Court of Appeals of the State of New York
Oct 12, 1897
47 N.E. 973 (N.Y. 1897)

Summary

In People ex rel. Bridgeport Sav. Bank v. Barker (154 N.Y. 128) the court said (p. 131): "The bank is liable to pay the depositor the amount of his deposit as a debt."

Summary of this case from Matter of White

Opinion

Argued October 4, 1897

Decided October 12, 1897

James M. Ward and Francis M. Scott for appellants.

Esek Cowen for respondent.



The relator is a Connecticut corporation and was, in 1894, the owner of certain shares of stock of national and state banks doing business in the city of New York, the market value of which was $49,934. The defendants assessed the relator upon the total amount of this stock. Application was duly made to the defendants to vacate this assessment, on the ground that the just debts of the relator exceeded the aggregate value of the shares. This application was refused.

The Special Term reviewed the assessment on certiorari and vacated it upon the ground that it was illegal, erroneous and void. This order was unanimously affirmed by the Appellate Division.

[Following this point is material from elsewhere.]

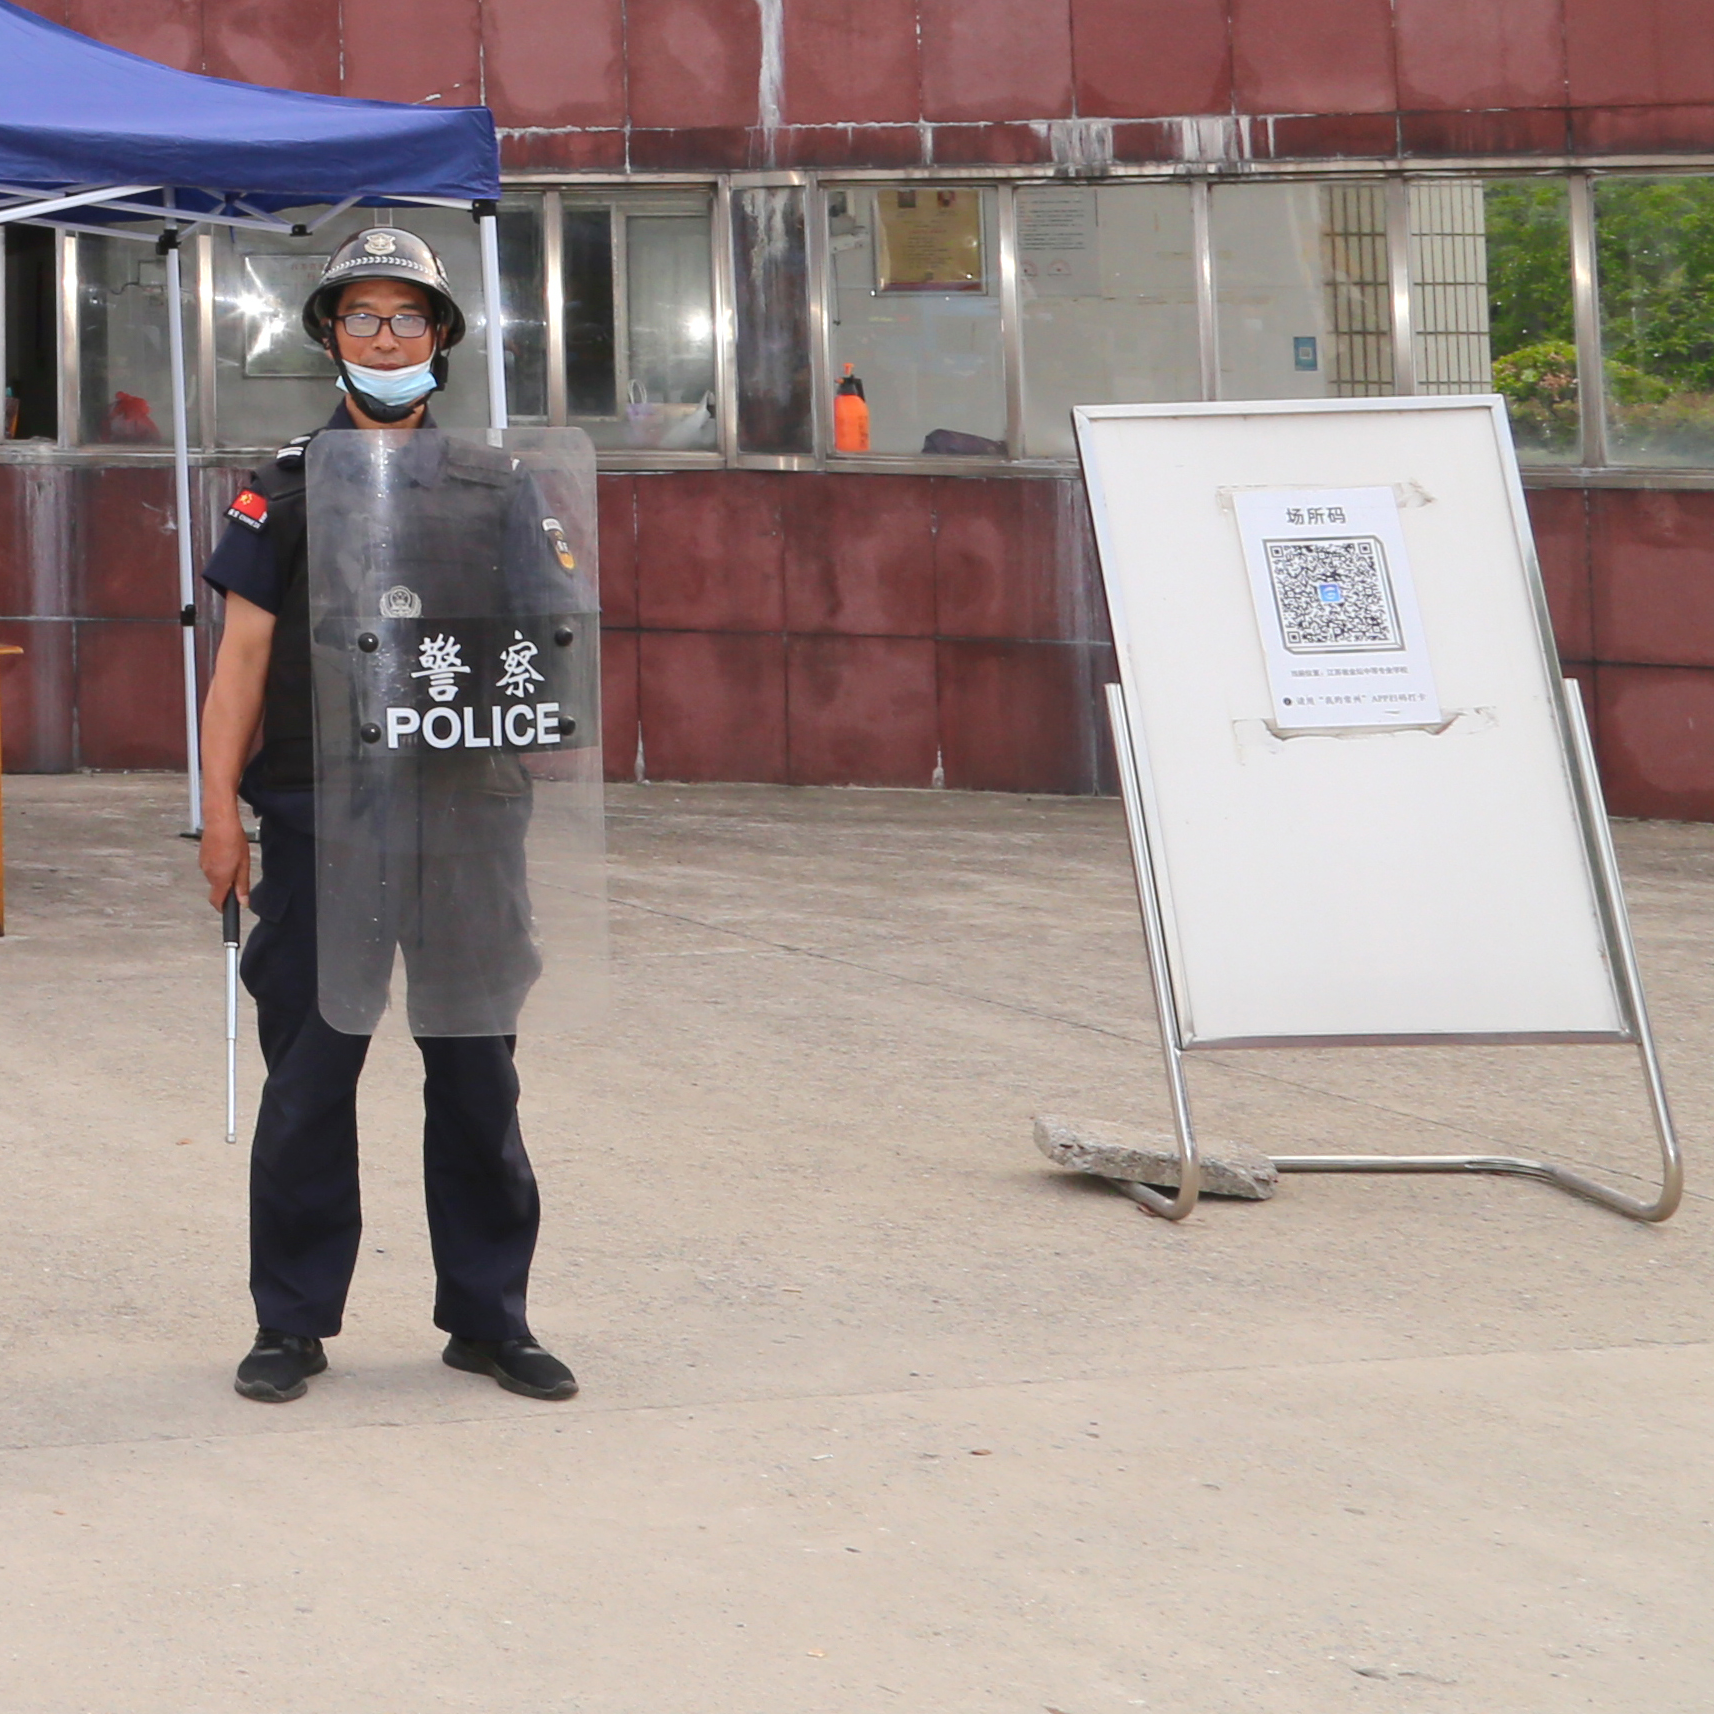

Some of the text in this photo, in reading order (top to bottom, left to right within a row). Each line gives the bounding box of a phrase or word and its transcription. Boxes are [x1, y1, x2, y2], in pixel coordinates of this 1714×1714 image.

[1286, 505, 1347, 527] 场所码
[411, 630, 545, 703] 警察
[386, 702, 561, 750] POLICE

The learned counsel for the defendants discussed upon this appeal two propositions, viz.: First, that the relator is not entitled to have deducted from its total gross assets, as a liability, the amount of its deposits, upon the theory that it is a debt; second, that the relator is not entitled to have deducted from its apparent surplus, as an investment in property not taxable, $220,000, representing the market value of the United States bonds held by it.

As to the first proposition, it has been decided by this court that the primary relation of a depositor in a savings bank to the corporation is that of creditor and not that of a beneficiary of a trust. ( People v. Merchants and Traders' Savings Institution, 92 N.Y. 7.)

The bank is liable to pay the depositor the amount of his deposit as a debt. This being so, it follows that the amount is to be deducted from the gross assets as a liability.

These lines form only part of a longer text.